| Exercise description |
Give the entries again in full. Nothing may be altered.

[Records from a dataset]
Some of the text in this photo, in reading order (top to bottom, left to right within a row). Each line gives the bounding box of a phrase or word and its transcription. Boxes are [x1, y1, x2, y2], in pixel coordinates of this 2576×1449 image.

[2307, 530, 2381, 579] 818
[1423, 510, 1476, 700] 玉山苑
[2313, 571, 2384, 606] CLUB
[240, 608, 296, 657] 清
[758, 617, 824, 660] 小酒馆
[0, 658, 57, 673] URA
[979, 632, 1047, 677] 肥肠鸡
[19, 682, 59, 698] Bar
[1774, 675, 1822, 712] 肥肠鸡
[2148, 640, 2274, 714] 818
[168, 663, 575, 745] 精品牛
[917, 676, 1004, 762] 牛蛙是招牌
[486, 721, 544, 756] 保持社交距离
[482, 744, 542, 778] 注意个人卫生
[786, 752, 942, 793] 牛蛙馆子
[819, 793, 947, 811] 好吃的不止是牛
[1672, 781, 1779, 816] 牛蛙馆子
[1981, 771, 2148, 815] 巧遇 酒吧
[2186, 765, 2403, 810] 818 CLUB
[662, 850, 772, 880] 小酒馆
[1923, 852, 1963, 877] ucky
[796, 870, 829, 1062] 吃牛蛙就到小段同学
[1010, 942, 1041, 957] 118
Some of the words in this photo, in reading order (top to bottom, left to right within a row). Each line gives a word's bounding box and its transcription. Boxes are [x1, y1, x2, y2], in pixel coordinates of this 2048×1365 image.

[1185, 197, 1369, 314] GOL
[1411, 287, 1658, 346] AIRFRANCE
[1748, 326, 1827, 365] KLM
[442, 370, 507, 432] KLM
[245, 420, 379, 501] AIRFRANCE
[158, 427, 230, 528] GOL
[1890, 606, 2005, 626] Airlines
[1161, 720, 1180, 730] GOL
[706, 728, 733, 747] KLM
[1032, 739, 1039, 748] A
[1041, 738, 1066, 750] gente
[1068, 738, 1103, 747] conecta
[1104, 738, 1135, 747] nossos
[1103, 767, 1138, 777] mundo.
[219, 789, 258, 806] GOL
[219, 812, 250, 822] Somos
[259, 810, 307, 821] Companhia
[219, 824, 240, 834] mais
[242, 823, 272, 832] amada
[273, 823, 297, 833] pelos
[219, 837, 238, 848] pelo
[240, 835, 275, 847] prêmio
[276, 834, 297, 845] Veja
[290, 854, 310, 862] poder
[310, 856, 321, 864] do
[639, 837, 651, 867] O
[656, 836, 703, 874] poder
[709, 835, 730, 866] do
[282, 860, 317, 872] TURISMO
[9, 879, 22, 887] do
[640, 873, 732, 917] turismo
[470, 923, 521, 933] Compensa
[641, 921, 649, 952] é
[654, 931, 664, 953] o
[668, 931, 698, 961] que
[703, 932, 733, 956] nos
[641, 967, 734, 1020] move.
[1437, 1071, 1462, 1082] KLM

| Output |
Some of the text in this photo, in reading order (top to bottom, left to right within a row). Each line gives the bounding box of a phrase or word and its transcription. Boxes are [x1, y1, x2, y2], in pixel coordinates of this 2576×1449 image.

[2307, 530, 2381, 579] 818
[1423, 510, 1476, 700] 玉山苑
[2313, 571, 2384, 606] CLUB
[240, 608, 296, 657] 清
[758, 617, 824, 660] 小酒馆
[0, 658, 57, 673] URA
[979, 632, 1047, 677] 肥肠鸡
[19, 682, 59, 698] Bar
[1774, 675, 1822, 712] 肥肠鸡
[2148, 640, 2274, 714] 818
[168, 663, 575, 745] 精品牛
[917, 676, 1004, 762] 牛蛙是招牌
[486, 721, 544, 756] 保持社交距离
[482, 744, 542, 778] 注意个人卫生
[786, 752, 942, 793] 牛蛙馆子
[819, 793, 947, 811] 好吃的不止是牛
[1672, 781, 1779, 816] 牛蛙馆子
[1981, 771, 2148, 815] 巧遇 酒吧
[2186, 765, 2403, 810] 818 CLUB
[662, 850, 772, 880] 小酒馆
[1923, 852, 1963, 877] ucky
[796, 870, 829, 1062] 吃牛蛙就到小段同学
[1010, 942, 1041, 957] 118
Some of the words in this photo, in reading order (top to bottom, left to right within a row). Each line gives a word's bounding box and its transcription. Boxes are [x1, y1, x2, y2], in pixel coordinates of this 2048×1365 image.

[1185, 197, 1369, 314] GOL
[1411, 287, 1658, 346] AIRFRANCE
[1748, 326, 1827, 365] KLM
[442, 370, 507, 432] KLM
[245, 420, 379, 501] AIRFRANCE
[158, 427, 230, 528] GOL
[1890, 606, 2005, 626] Airlines
[1161, 720, 1180, 730] GOL
[706, 728, 733, 747] KLM
[1032, 739, 1039, 748] A
[1041, 738, 1066, 750] gente
[1068, 738, 1103, 747] conecta
[1104, 738, 1135, 747] nossos
[1103, 767, 1138, 777] mundo.
[219, 789, 258, 806] GOL
[219, 812, 250, 822] Somos
[259, 810, 307, 821] Companhia
[219, 824, 240, 834] mais
[242, 823, 272, 832] amada
[273, 823, 297, 833] pelos
[219, 837, 238, 848] pelo
[240, 835, 275, 847] prêmio
[276, 834, 297, 845] Veja
[290, 854, 310, 862] poder
[310, 856, 321, 864] do
[639, 837, 651, 867] O
[656, 836, 703, 874] poder
[709, 835, 730, 866] do
[282, 860, 317, 872] TURISMO
[9, 879, 22, 887] do
[640, 873, 732, 917] turismo
[470, 923, 521, 933] Compensa
[641, 921, 649, 952] é
[654, 931, 664, 953] o
[668, 931, 698, 961] que
[703, 932, 733, 956] nos
[641, 967, 734, 1020] move.
[1437, 1071, 1462, 1082] KLM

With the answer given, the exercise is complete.